Sandro Mazzola ricorda Alfredo Di Stefano: “Era il vero giocatore universale”

Ieri è venuto a mancare, all’età di 88 anni, un grande uomo di calcio: Alfredo Di Stefano lascia un grande vuoto per tutti gli appassionati di questo sport.

Fonte immagine: Francesco Facchini, Youtube
Sandro Mazzola – Fonte immagine: Francesco Facchini, Youtube

A parlare di lui è Sandro Mazzola, intervistato da “La Gazzetta dello Sport”: “E’ stato il più grande di tutti, anche di Pelé e Maradona: il numero uno dei numeri uno. Perché era il più completo, il vero, unico calciatore universale. Per me è stato più che un mito, più che una leggenda.
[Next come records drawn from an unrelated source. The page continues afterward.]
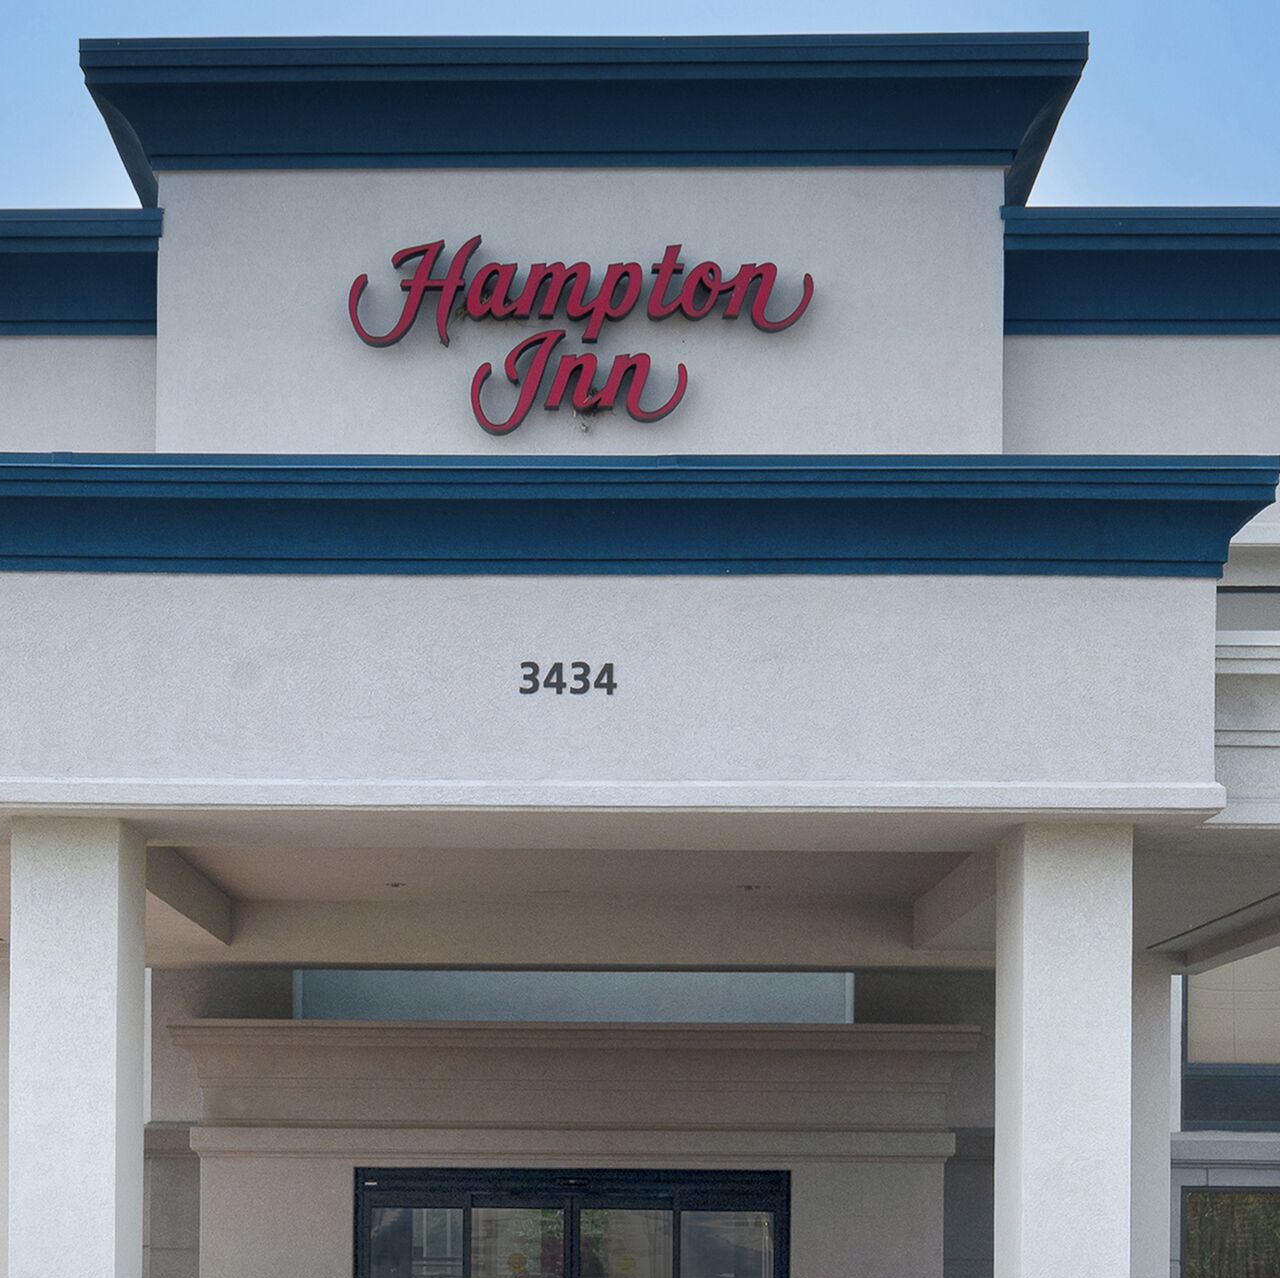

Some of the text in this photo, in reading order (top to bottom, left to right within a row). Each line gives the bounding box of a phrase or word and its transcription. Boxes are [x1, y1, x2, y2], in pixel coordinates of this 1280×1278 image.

[349, 234, 814, 348] Hampton
[470, 329, 688, 436] Inn
[519, 661, 618, 696] 3434
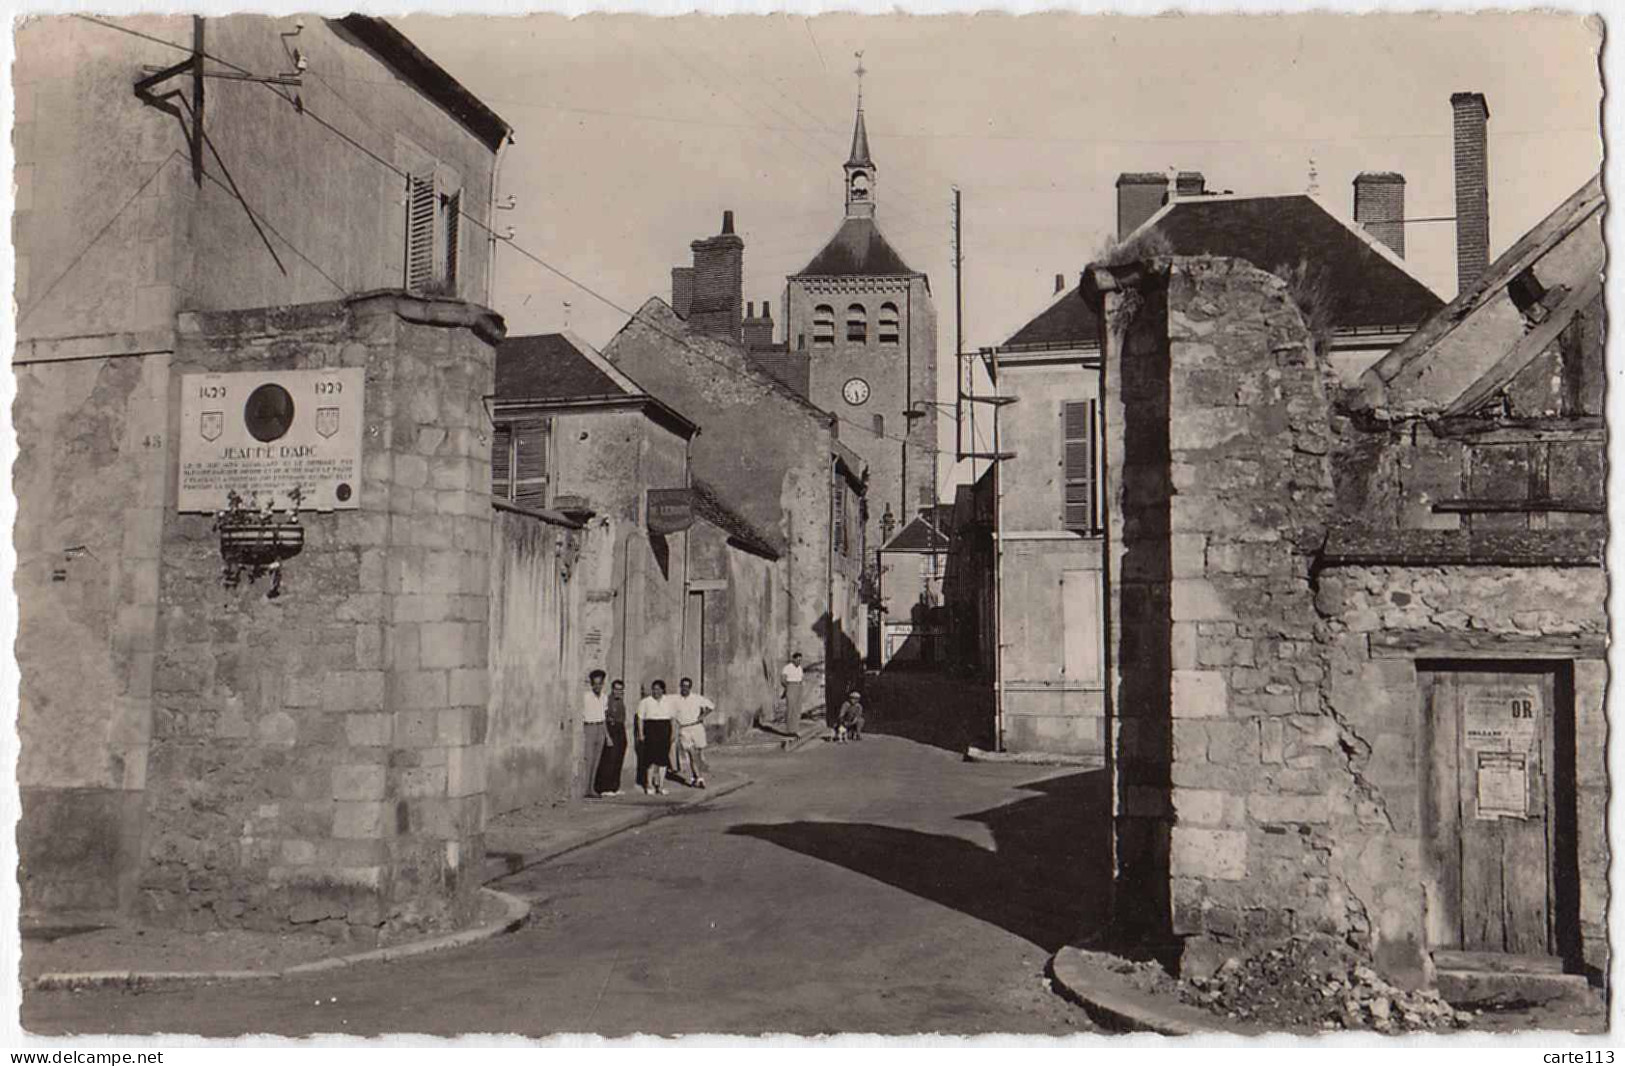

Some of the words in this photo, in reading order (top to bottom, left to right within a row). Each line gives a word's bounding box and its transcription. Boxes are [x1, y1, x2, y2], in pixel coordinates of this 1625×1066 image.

[199, 386, 227, 399] 1429
[314, 382, 343, 395] 1929
[1512, 700, 1532, 719] OR
Di Stefano è stato il Calcio, perché sapeva fare tutto. Intercettare la manovra avversaria e perciò difendere; impostare l’azione partendo dalla sua metà campo; rifinirla per i compagni; andare egli stesso a segno. E poi dribbling, velocità, visione di gioco, scelta di tempo, precisione e forza nel tiro, personalità, orgoglio… ma queste ultime sono qualità comuni a tanti campionissimi. Certamente le aveva Maradona, certamente le avevano Pelé e CruijffPerò nessuno di questi monumenti del pallone è accostabile a don Alfredo per la capacità di interpretare tutte le parti della commedia, tutti i ruoli del gioco al massimo livello”. Il giocatore della “Grande Inter” degli anni ’60 racconta poi un aneddoto: “Usciti dallo spogliatoio del Prater ci ritrovammo affiancati ai nostri avversari e io andai con lo sguardo a caccia di Di Stefano, il mio idolo. Avevo preso ad ammirarlo davanti alla tv. All’epoca la Rai trasmetteva il calcio estero raramente, direi mai, eccezion fatta per la finale di Coppa Campioni. Quella la davano e io e mio fratello non ce n’eravamo persa nessuna di quel favoloso Real. Dunque cerco con lo sguardo Di Stefano e quando lo inquadro mi sembra enorme, alto due metri… Come faremo a giocarci contro? E mi blocco, non vado più avanti… Se ne accorge Suarez che viene vicino e mi dice una cosa tipo: “Noi stiamo uscendo per la finale, vieni anche tu o poi ti porto l’autografo di Alfredo?”.